As more states legalize pot, police departments across the country are finding it difficult to justify maintaining expensive K9 units that use specially-trained dogs to sniff out drugs, reports 1010WCSI.com. There are about 50,000 K9’s currently working in departments nationwide, and each dog costs approximately $8,000 plus about $15,000 in training costs.

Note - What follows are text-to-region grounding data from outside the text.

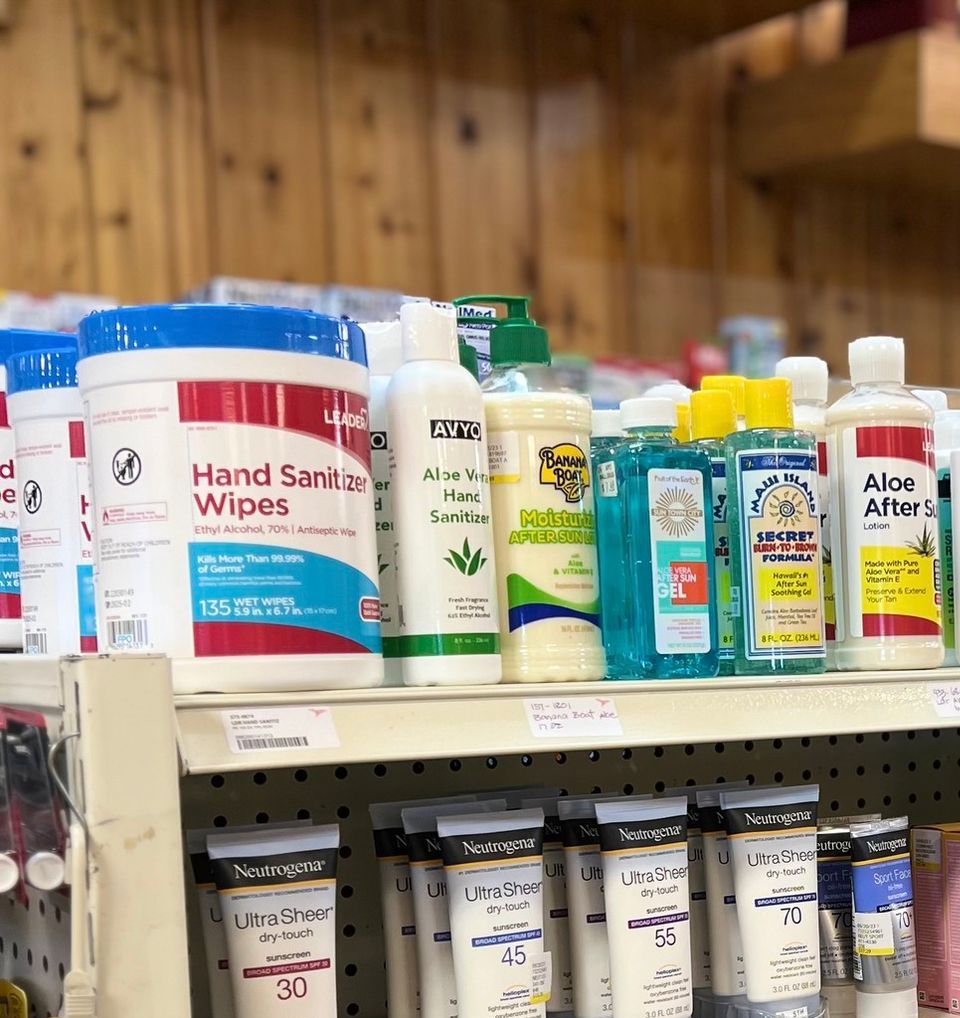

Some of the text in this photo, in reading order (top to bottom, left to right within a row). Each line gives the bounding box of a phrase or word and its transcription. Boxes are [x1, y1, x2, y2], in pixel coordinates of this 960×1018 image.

[431, 420, 481, 439] AVYO
[193, 463, 367, 494] Hand Sanitizer
[863, 473, 915, 493] Aloe
[444, 490, 480, 503] Hand
[193, 493, 289, 520] Wipes
[430, 510, 489, 525] Sanitizer
[863, 521, 890, 530] Lotion
[195, 525, 220, 535] Ethyl
[223, 525, 265, 535] Alcohol,
[268, 525, 289, 534] 70%
[297, 526, 339, 536] Antiseptic
[509, 530, 583, 544] AFTER SUN
[757, 531, 814, 543] SECRET
[658, 574, 697, 583] AFTER SUN
[776, 580, 793, 589] After
[657, 583, 687, 599] GEL
[771, 589, 812, 597] Soothing Gel
[199, 597, 295, 616] 135 WET WIPES
[573, 711, 595, 720] Boat
[745, 811, 810, 828] Neutrogena
[620, 826, 679, 842] Neutrogena
[462, 838, 532, 856] Neutrogena
[868, 838, 906, 853] Neutrogena
[748, 849, 817, 868] Ultra Sheer
[233, 859, 320, 880] Neutrogena
[621, 867, 689, 887] Ultra Sheer
[766, 866, 806, 880] dry-touch
[465, 881, 543, 903] Ultra Sheer
[641, 884, 679, 898] dry-touch
[772, 885, 805, 895] sunscreen
[487, 900, 530, 916] dry-touch
[646, 904, 678, 915] sunscreen
[235, 908, 329, 930] Ultra Sheer
[781, 907, 802, 926] 70
[493, 921, 528, 932] sunscreen
[259, 928, 313, 944] dry-touch
[655, 928, 677, 948] 55
[266, 951, 311, 962] sunscreen
[501, 945, 526, 967] 45
[277, 977, 307, 1000] 30

New York and New Jersey legalized recreational marijuana earlier this year, joining California, Colorado, Maine, Oregon and more. In New York, the law enforcement agency has 98 police dogs, 39 of which are trained in detecting marijuana. An NYPD spokesperson insisted that the majority of the department’s police dogs and their tasks “are not impacted by the change in the law.”

However, states like New Jersey and Colorado stopped training K9’s to detect marijuana. Colorado, which was among the first states to legalize recreational pot, has been a testing ground for how police dogs would be handled. For officers, probable cause has become much more important. A hint of marijuana can trigger the same response as any quantity of methamphetamine to the dogs.

As officers in Colorado have had to change their mindset and adopt new practices according to the legalization, other states have begun to do so as well. The use of K9’s has been a conflicting one even in states where marijuana is illegal. The Orlando Sun Sentinel released an investigative project “The Hunted,” which examined 17 months of K9 bites in the Broward County Sheriff’s Department, one of Florida’s largest police agencies, and found that 84 percent  of people who were bitten were Black.

This summary was prepared by TCR reporting intern Anna Wilder.